# Warum sterben von mir die Fische???



## Strolchi (2. Juli 2007)

Hallo an alle,

Ich habe vor 3 Wochen bemerkt das von meinem Teich Fische sterben.. mhhh... als der erste Koi starb dachte ich naja schade das passiert einmal.. Am nächsten Morgen lagen dann 2 Tote Kois im Teich...und dann in den nächsten 5 tagen starben insgesamt noch 5 Fische.. na toll dachte ich^^ aber dann hörte es auf keine Fische sterben mehr.. mhh.. ich dachte so und frag euch auch mal: Neber meinem Teich steht so ein Busch un der hat in der Zeit wo die Fische gestorben sind hat er geblüht. Da fielen dann auch immer die Blüten rein. Also kann es sein das sie deswegen gestorben sind???? Die Wasserwert waren alle eniwandfrei.. ALos ich hoffe auf sinnvolle Antworten

Liebe Grüße Strolchi....


----------



## SteppenWolf (2. Juli 2007)

*AW: Warum sterben von mir die Fische???*

Malzeit,
ein Freund hatte auch so ein Problem, allerdings hatte er das falsche Futter gefüttert, es lag nicht im temperaturbereich des Teichwassers, sodas es sich im Bauch der Fische aufblähte und, na ja einige starben leider...
Schau mal auf das Futter, ob die Fütterungstemperaturen stimmen...

Gruß Sebastian


----------



## jochen (2. Juli 2007)

*AW: Warum sterben von mir die Fische???*

Hallo Strolchi,

das haben wir dir schon Pfingsten erklärt das es bei deinen Teich so kommen muß, aber leider...... ,scheinst du nicht umgesetzt zu haben was wir dir empfohlen haben.
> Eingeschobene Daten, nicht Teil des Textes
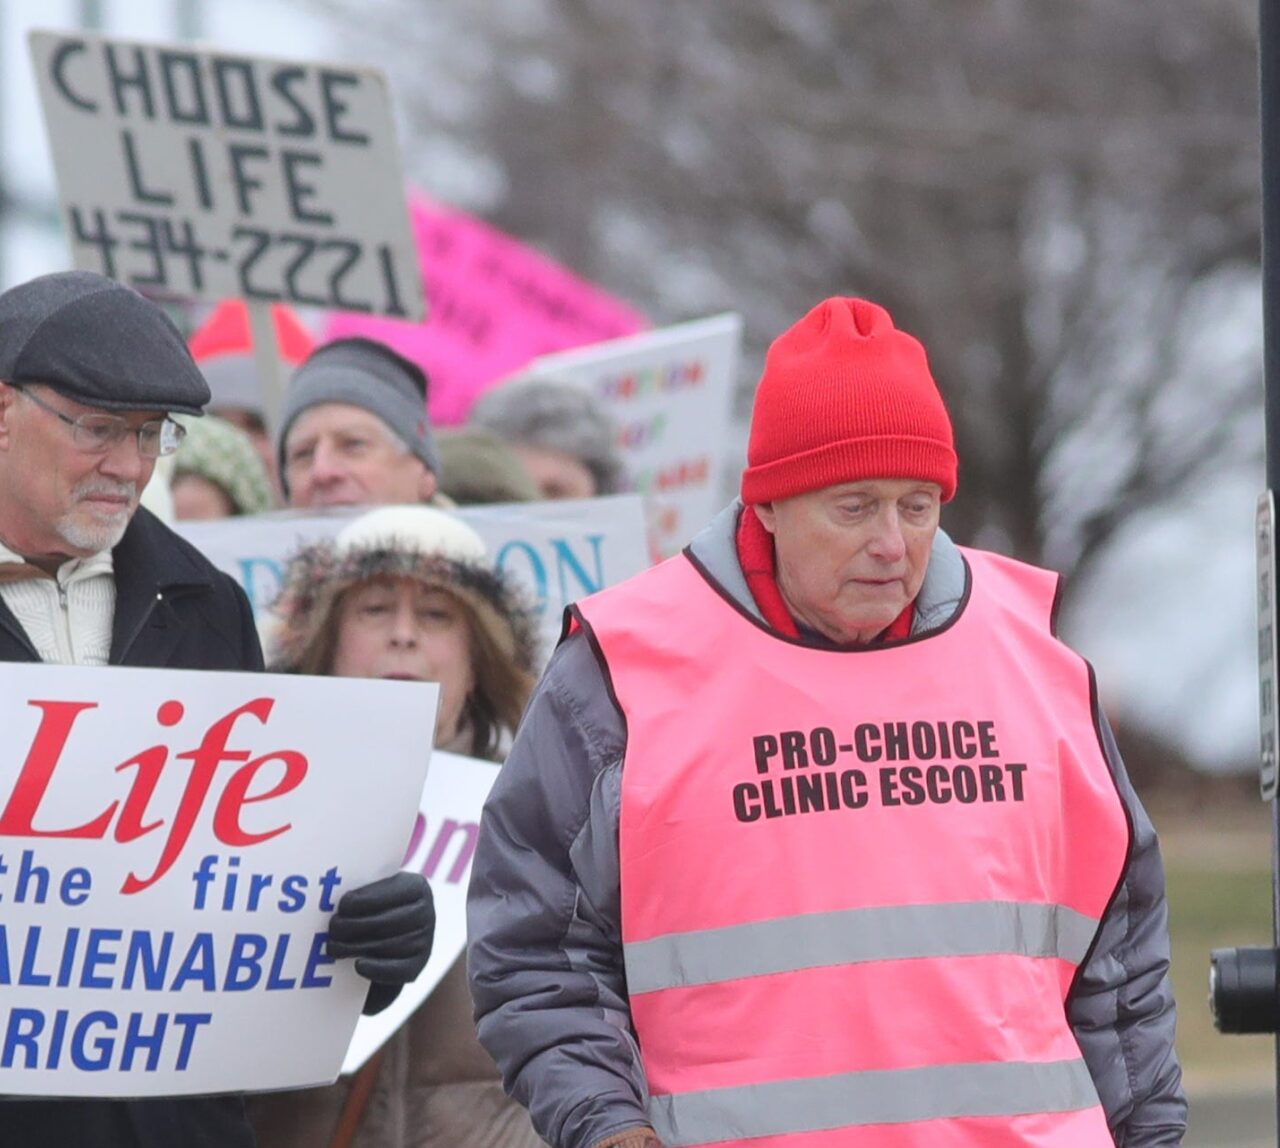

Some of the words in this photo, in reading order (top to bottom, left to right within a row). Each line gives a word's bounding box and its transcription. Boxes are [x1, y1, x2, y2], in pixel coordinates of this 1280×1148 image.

Da es aber hier um die Fische geht versuchen wir weiter zu helfen,

bitte beschreibe deine Pflanze genauer, vielleicht kann dir dann geholfen werden.


----------



## Ulumulu (2. Juli 2007)

*AW: Warum sterben von mir die Fische???*

Hallo Strolchi

Hm das ist schon sehr merkwürdig.:? 

Am besten stellst du mal ein Bild von diesem Busch hier rein und/oder wenn möglich den genauen Namen der Pflanze.
Vielleicht  sind die Blüten ja giftig.

Haben sich die Fische bevor sie starben ganz normal verhalten oder konntest du ein zurückziehen oder scheuern feststellen?
Vielleicht war auch zufällig gerade zu dem Zeitpunkt wo der Busch blühte eine Krankheit bei deinen Fischen unterwegs (__ Parasiten usw…)

Gruß Daniel


----------



## Ulumulu (2. Juli 2007)

*AW: Warum sterben von mir die Fische???*

Hallo nochmal 

Ich sehe gerade das dein Teich ja total überbesetzt war bzw. noch ist. 

Wenn ich mir die Bilder in deiner Galerie angucke ist der Teich wirklich sehr klein.
Deine Literangaben können nicht stimmen.  
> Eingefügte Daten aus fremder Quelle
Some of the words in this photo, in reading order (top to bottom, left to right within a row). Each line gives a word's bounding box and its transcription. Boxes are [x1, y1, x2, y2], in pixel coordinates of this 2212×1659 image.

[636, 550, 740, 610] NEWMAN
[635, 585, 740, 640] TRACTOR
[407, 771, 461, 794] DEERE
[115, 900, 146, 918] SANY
Dann lässt du da drin noch deine Hunde baden? Um Gotteswillen die armen Fische ich hoffe das ist nur als spaß gemeint in deinem Profil?  

Und so wie es aussieht hast du da nur einen Innenfilter der direkt an der Pumpe dran ist (grüner Kasten am Springbrunnen).

Ich vermute stark, dass dir die Fische eingegangen sind vom Überbesatzt und der schlechter Filterung.

Womit hast du denn das Wasser getestet Tröpchentests oder Stäbchentests und wie waren die Werte genau?

Gruß Daniel


----------



## Strolchi (4. Juli 2007)

*AW: Warum sterben von mir die Fische???*

Boah, also ihr alle nervt aber hab kan book mehr!!!!


----------



## Annett (4. Juli 2007)

*AW: Warum sterben von mir die Fische???*



			
				Strolchi schrieb:
			
		

> Boah, also ihr alle nervt aber hab kan book mehr!!!!



So schaut es also aus, wenn man der Wahrheit nicht ins Auge blicken will.. oder kann. 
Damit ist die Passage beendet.